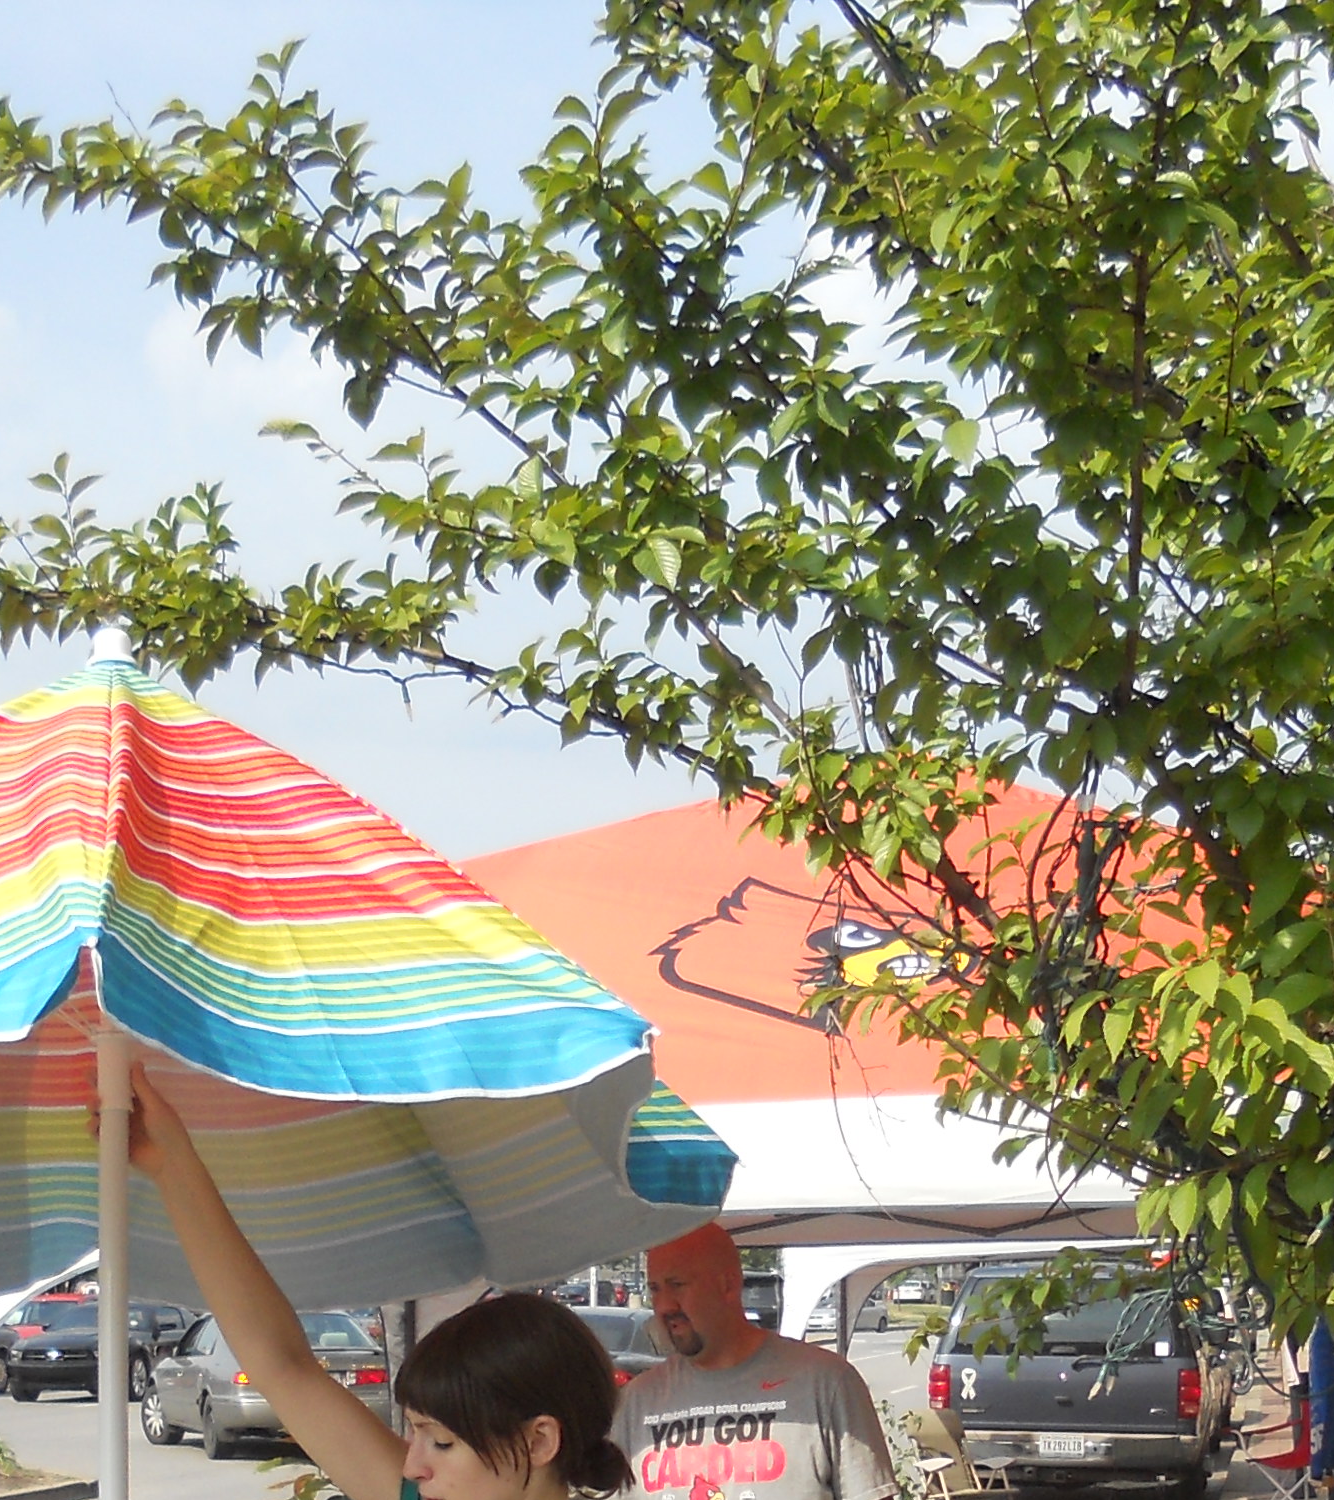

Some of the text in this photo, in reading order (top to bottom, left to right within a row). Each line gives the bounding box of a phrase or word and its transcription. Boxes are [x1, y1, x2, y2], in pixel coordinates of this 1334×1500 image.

[689, 1406, 715, 1417] SUGAR
[715, 1404, 739, 1414] BOWL
[740, 1400, 787, 1412] CHAMPIONS
[652, 1412, 776, 1452] YOU GOT
[641, 1440, 787, 1494] CARDED

────

In your copy of the entries above, keep the text exact and leave out the pictures.

__Answer to this task__:
Some of the text in this photo, in reading order (top to bottom, left to right within a row). Each line gives the bounding box of a phrase or word and its transcription. Boxes are [x1, y1, x2, y2], in pixel coordinates of this 1334×1500 image.

[689, 1406, 715, 1417] SUGAR
[715, 1404, 739, 1414] BOWL
[740, 1400, 787, 1412] CHAMPIONS
[652, 1412, 776, 1452] YOU GOT
[641, 1440, 787, 1494] CARDED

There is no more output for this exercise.